Retype the data exactly, skipping any picture in it.

BEGIN DATA FOR PROCESSING

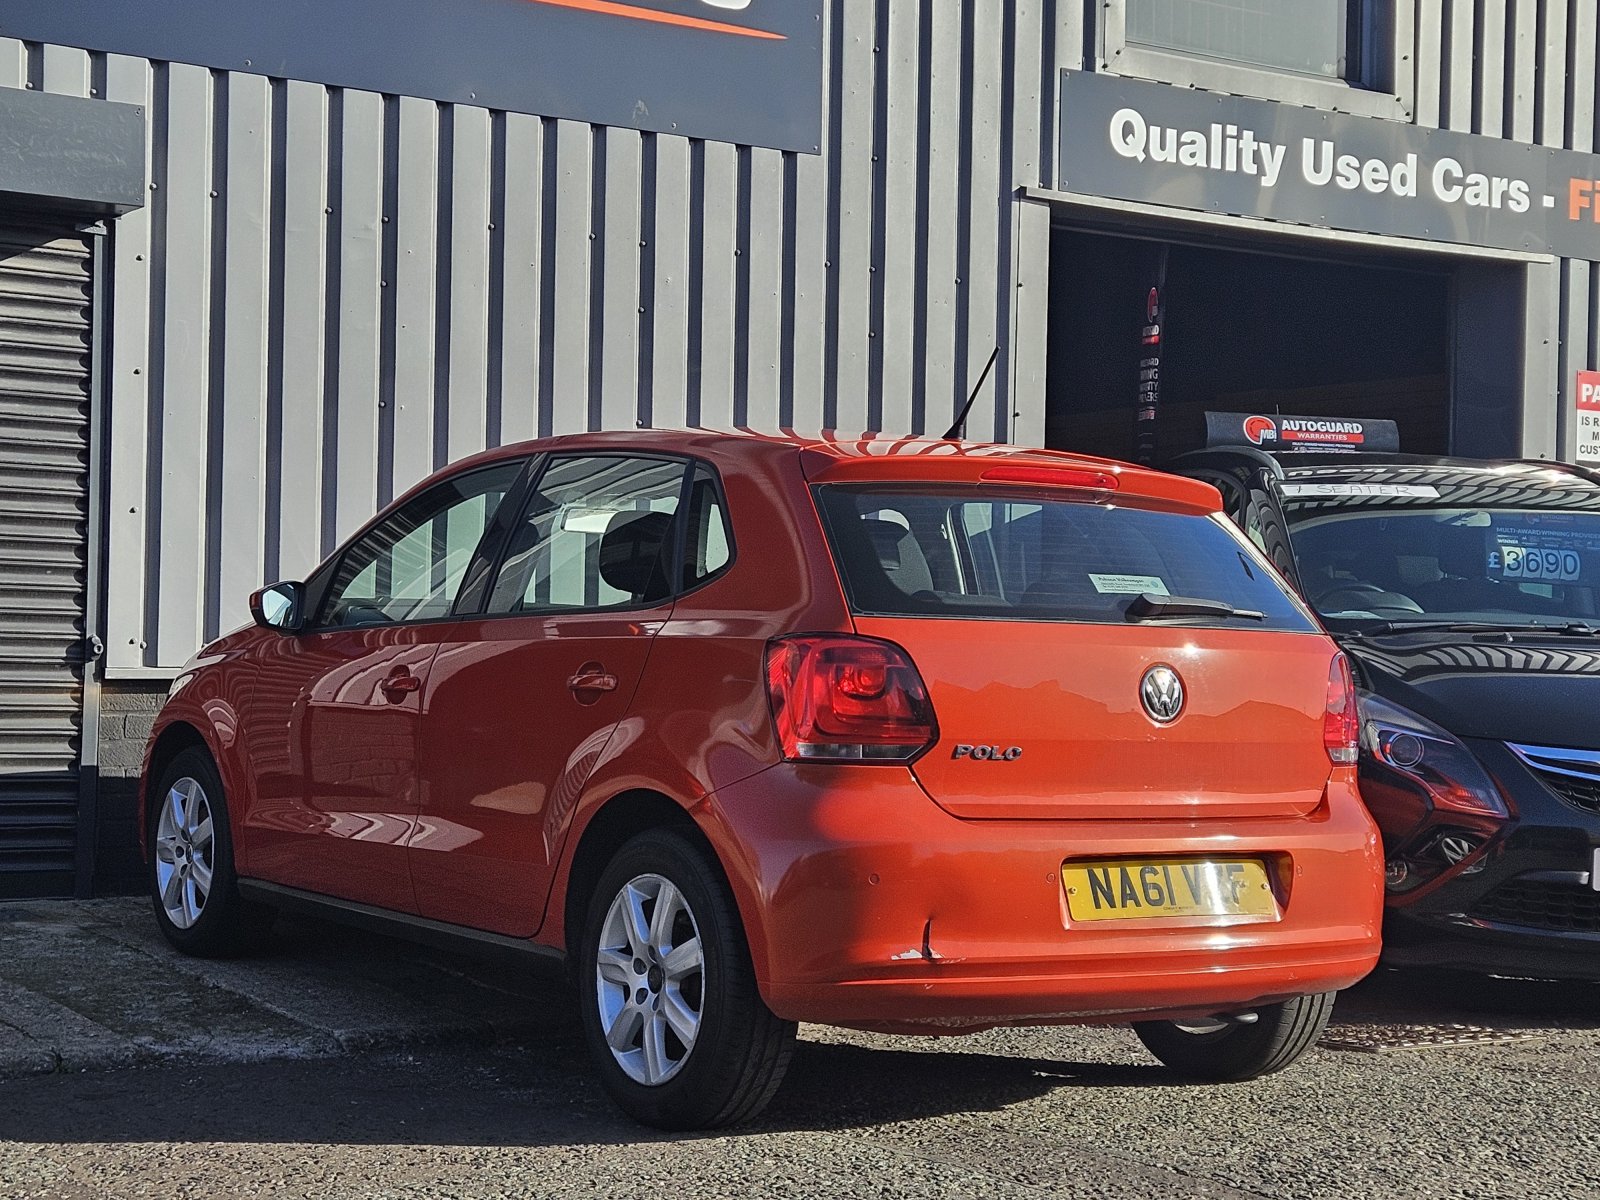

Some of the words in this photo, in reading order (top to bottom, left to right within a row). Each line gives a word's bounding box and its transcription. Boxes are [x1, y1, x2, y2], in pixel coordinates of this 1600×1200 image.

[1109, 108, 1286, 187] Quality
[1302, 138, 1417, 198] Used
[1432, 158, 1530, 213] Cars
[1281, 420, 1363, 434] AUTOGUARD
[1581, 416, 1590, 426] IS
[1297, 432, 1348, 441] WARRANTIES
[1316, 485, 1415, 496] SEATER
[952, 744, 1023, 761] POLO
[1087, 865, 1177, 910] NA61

END DATA FOR PROCESSING

• **YOUR SOLUTION**:
Some of the words in this photo, in reading order (top to bottom, left to right within a row). Each line gives a word's bounding box and its transcription. Boxes are [x1, y1, x2, y2], in pixel coordinates of this 1600×1200 image.

[1109, 108, 1286, 187] Quality
[1302, 138, 1417, 198] Used
[1432, 158, 1530, 213] Cars
[1281, 420, 1363, 434] AUTOGUARD
[1581, 416, 1590, 426] IS
[1297, 432, 1348, 441] WARRANTIES
[1316, 485, 1415, 496] SEATER
[952, 744, 1023, 761] POLO
[1087, 865, 1177, 910] NA61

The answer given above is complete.